Work task:
Word for word, restate all the records; images are not part of the copy.

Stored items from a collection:
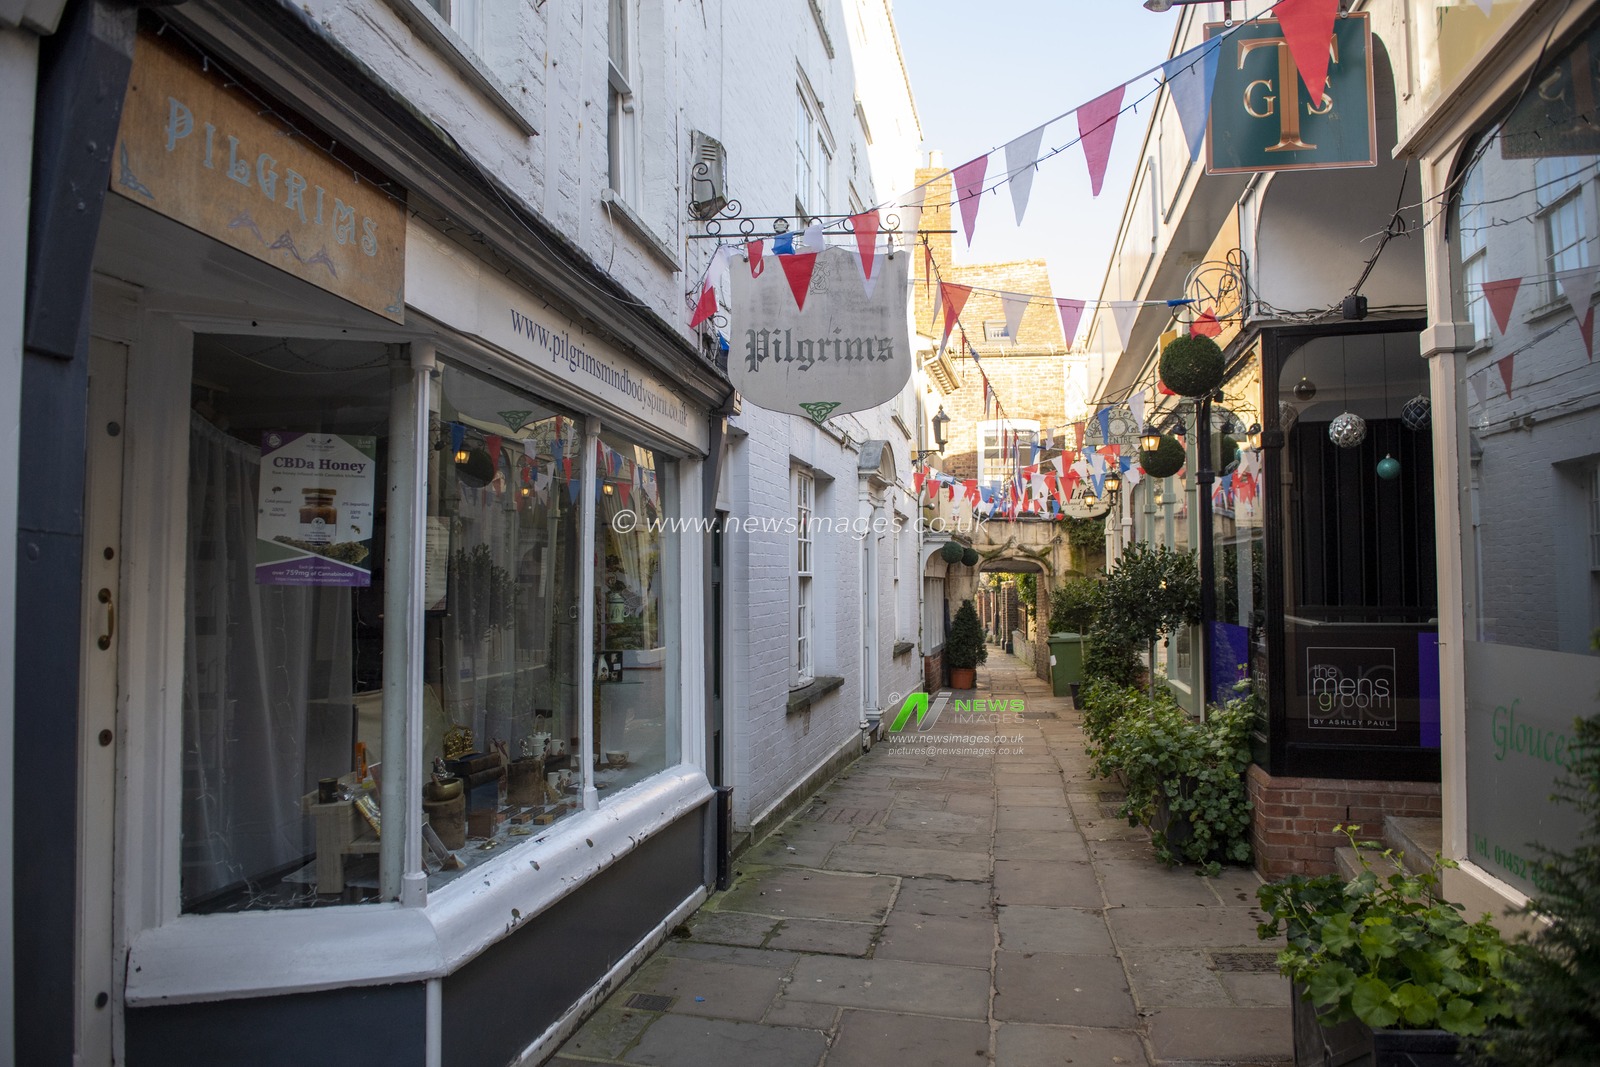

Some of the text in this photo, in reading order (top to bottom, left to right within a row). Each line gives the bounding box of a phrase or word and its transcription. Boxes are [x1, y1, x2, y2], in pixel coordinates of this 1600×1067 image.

[165, 96, 377, 257] PILGRIMS
[745, 328, 894, 373] Pilgrim's
[511, 309, 688, 428] www.pilgrimsmindbodyspirit.co.uk
[272, 456, 366, 474] CBDa Honey
[1313, 664, 1337, 678] the
[1313, 678, 1390, 697] mens
[1319, 693, 1390, 712] groom
[1494, 845, 1528, 880] 01452
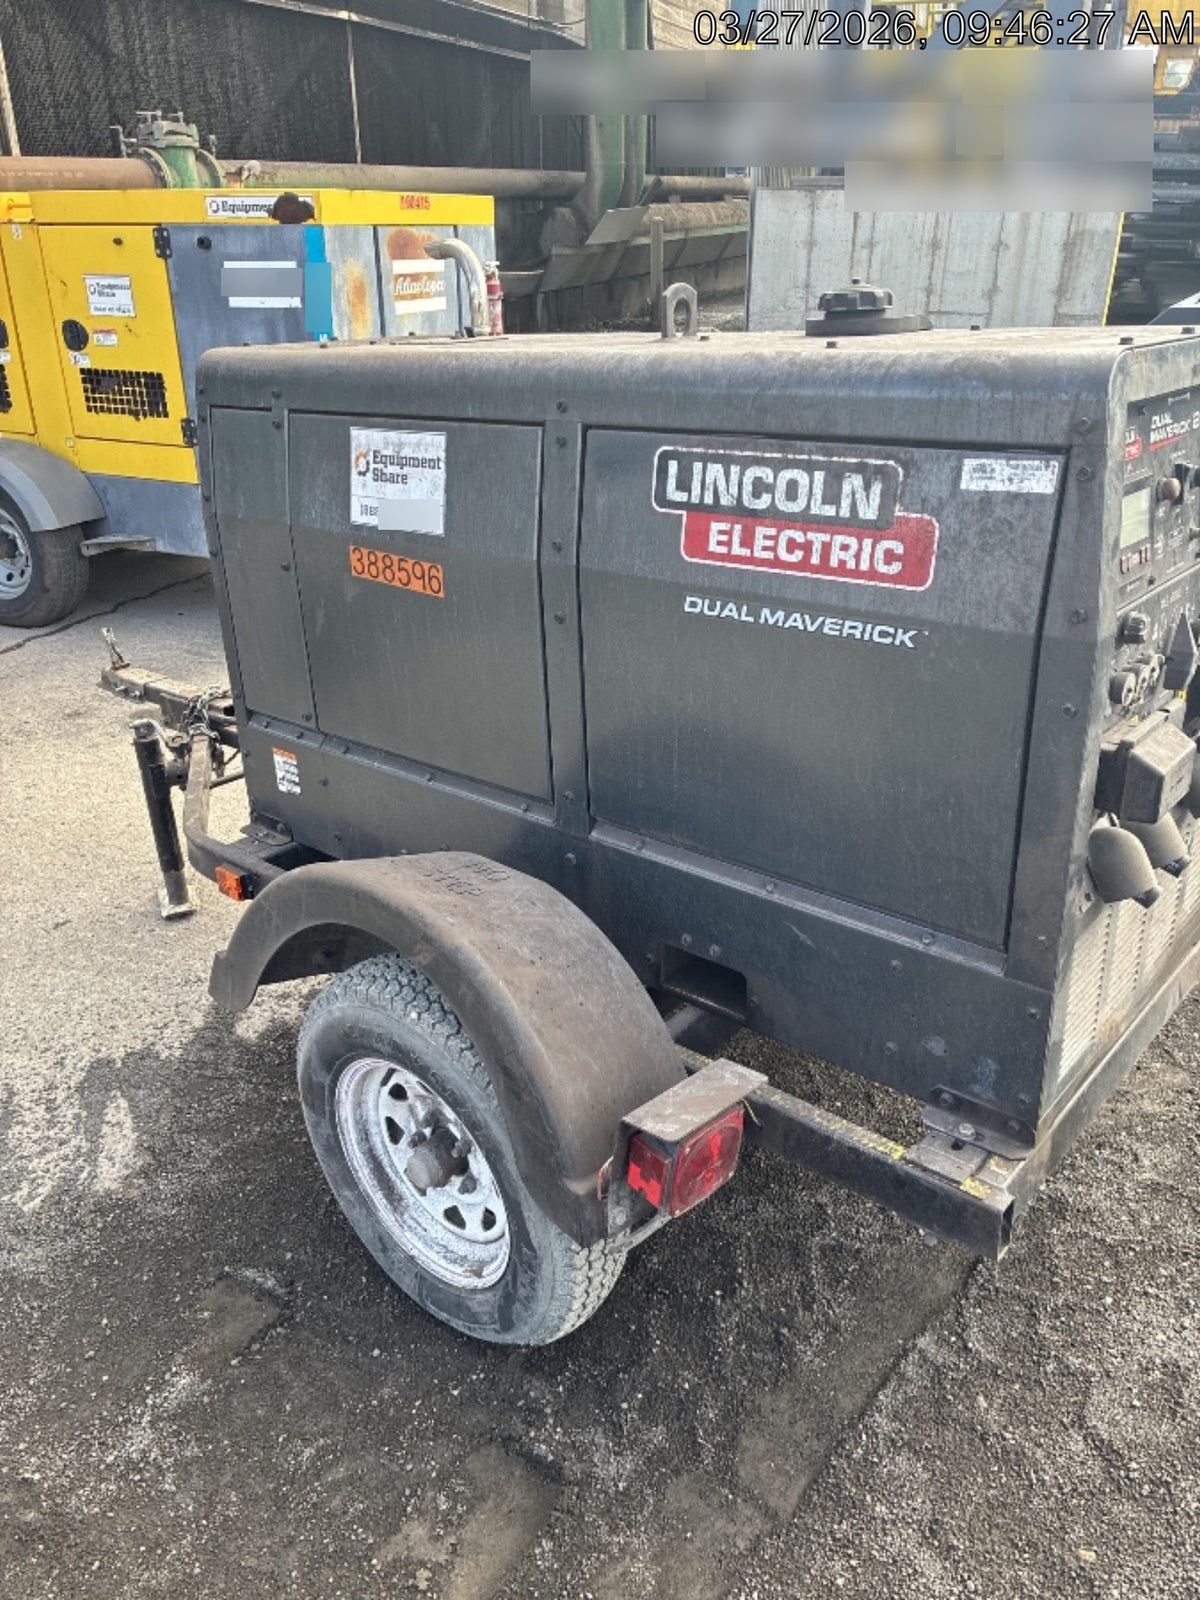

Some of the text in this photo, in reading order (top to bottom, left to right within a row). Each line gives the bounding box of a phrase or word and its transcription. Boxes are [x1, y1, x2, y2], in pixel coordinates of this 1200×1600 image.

[372, 450, 442, 470] Equipment
[372, 469, 408, 485] Share
[665, 459, 883, 520] LINCOLN
[351, 546, 442, 595] 388596
[707, 521, 904, 576] ELECTRIC
[683, 596, 919, 648] DUAL MAVERICK
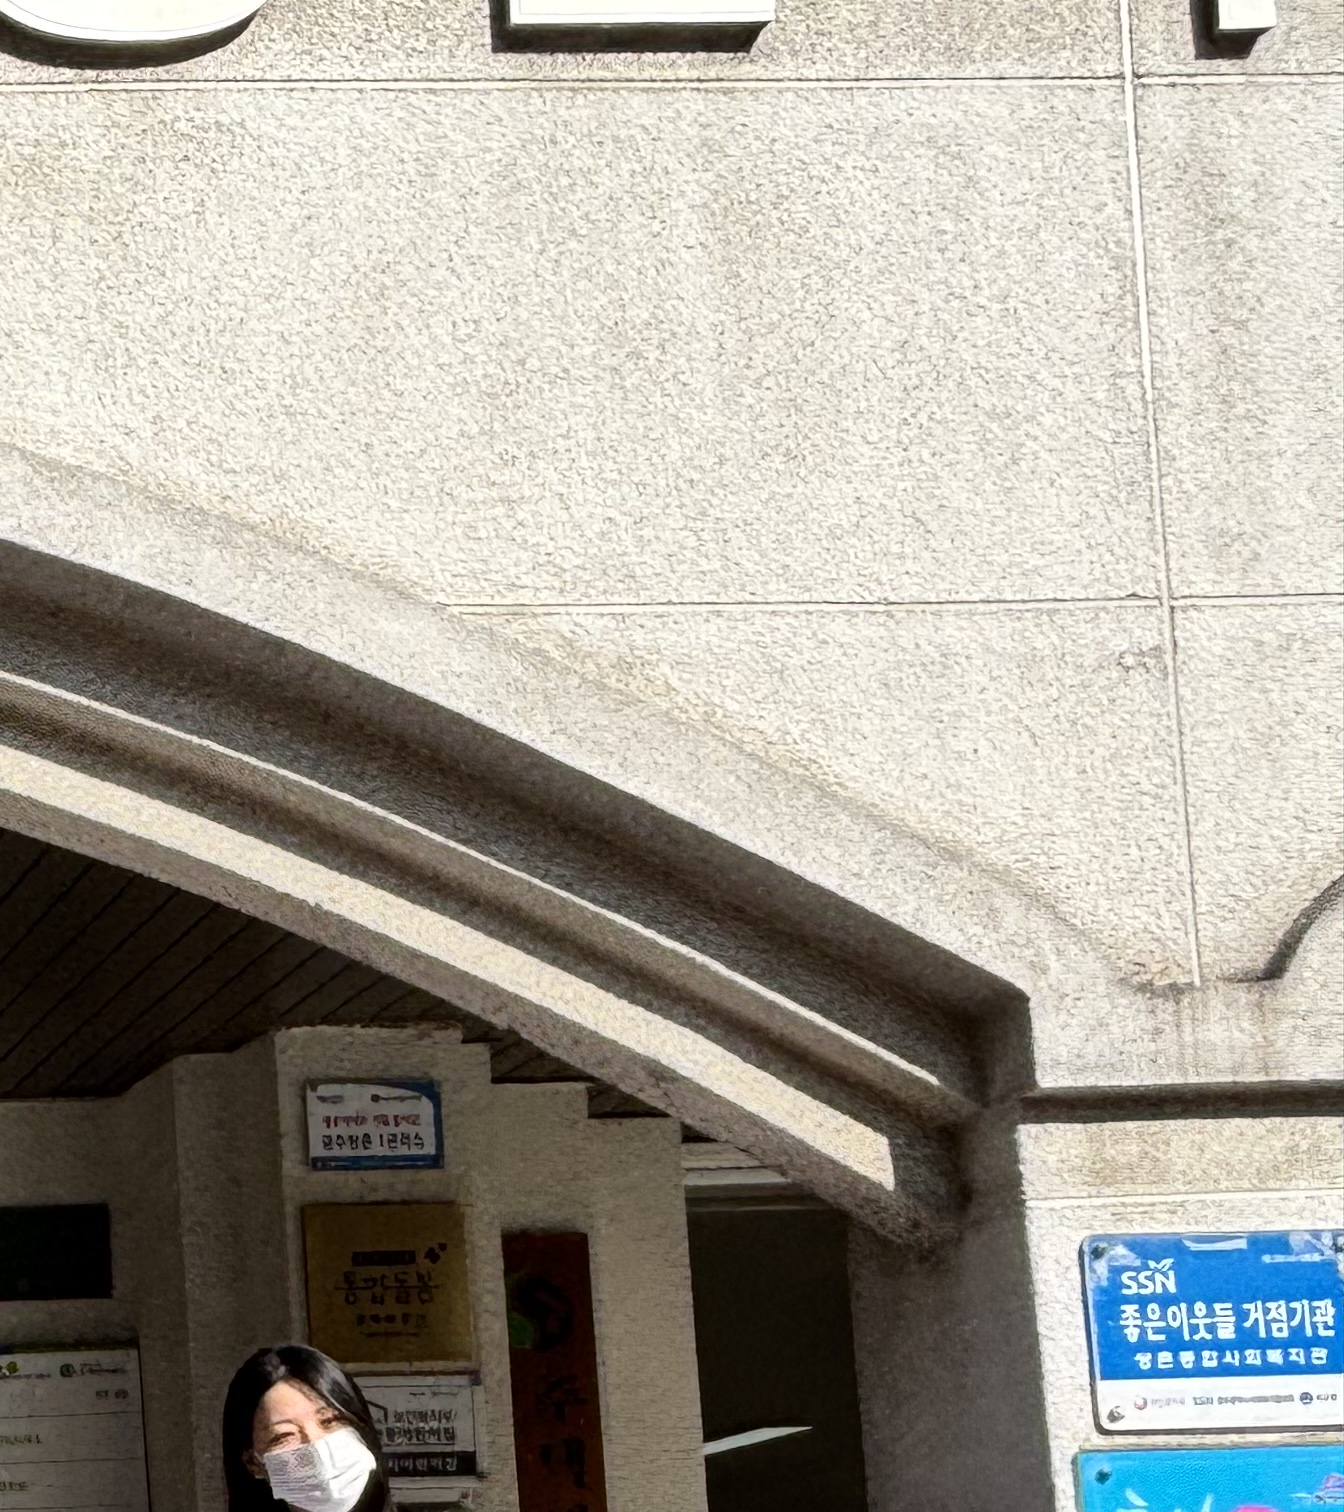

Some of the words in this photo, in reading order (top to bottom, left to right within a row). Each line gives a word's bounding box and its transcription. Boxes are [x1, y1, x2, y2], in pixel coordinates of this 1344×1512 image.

[1121, 1268, 1177, 1296] SSN
[1119, 1301, 1237, 1343] 좋은이웃들
[1241, 1298, 1337, 1339] 거점기관

Task result:
Some of the text in this photo, in reading order (top to bottom, left to right within a row). Each line gives the bounding box of a phrase or word and its transcription. Boxes are [x1, y1, x2, y2], in pixel coordinates of this 1600×1067 image.

[165, 96, 377, 257] PILGRIMS
[745, 328, 894, 373] Pilgrim's
[511, 309, 688, 428] www.pilgrimsmindbodyspirit.co.uk
[272, 456, 366, 474] CBDa Honey
[1313, 664, 1337, 678] the
[1313, 678, 1390, 697] mens
[1319, 693, 1390, 712] groom
[1494, 845, 1528, 880] 01452

Some of the text in this photo, in reading order (top to bottom, left to right within a row). Each line gives the bounding box of a phrase or word and its transcription. Boxes are [x1, y1, x2, y2], in pixel coordinates of this 1200×1600 image.

[372, 450, 442, 470] Equipment
[372, 469, 408, 485] Share
[665, 459, 883, 520] LINCOLN
[351, 546, 442, 595] 388596
[707, 521, 904, 576] ELECTRIC
[683, 596, 919, 648] DUAL MAVERICK

Some of the words in this photo, in reading order (top to bottom, left to right within a row). Each line gives a word's bounding box and its transcription. Boxes are [x1, y1, x2, y2], in pixel coordinates of this 1344×1512 image.

[1121, 1268, 1177, 1296] SSN
[1119, 1301, 1237, 1343] 좋은이웃들
[1241, 1298, 1337, 1339] 거점기관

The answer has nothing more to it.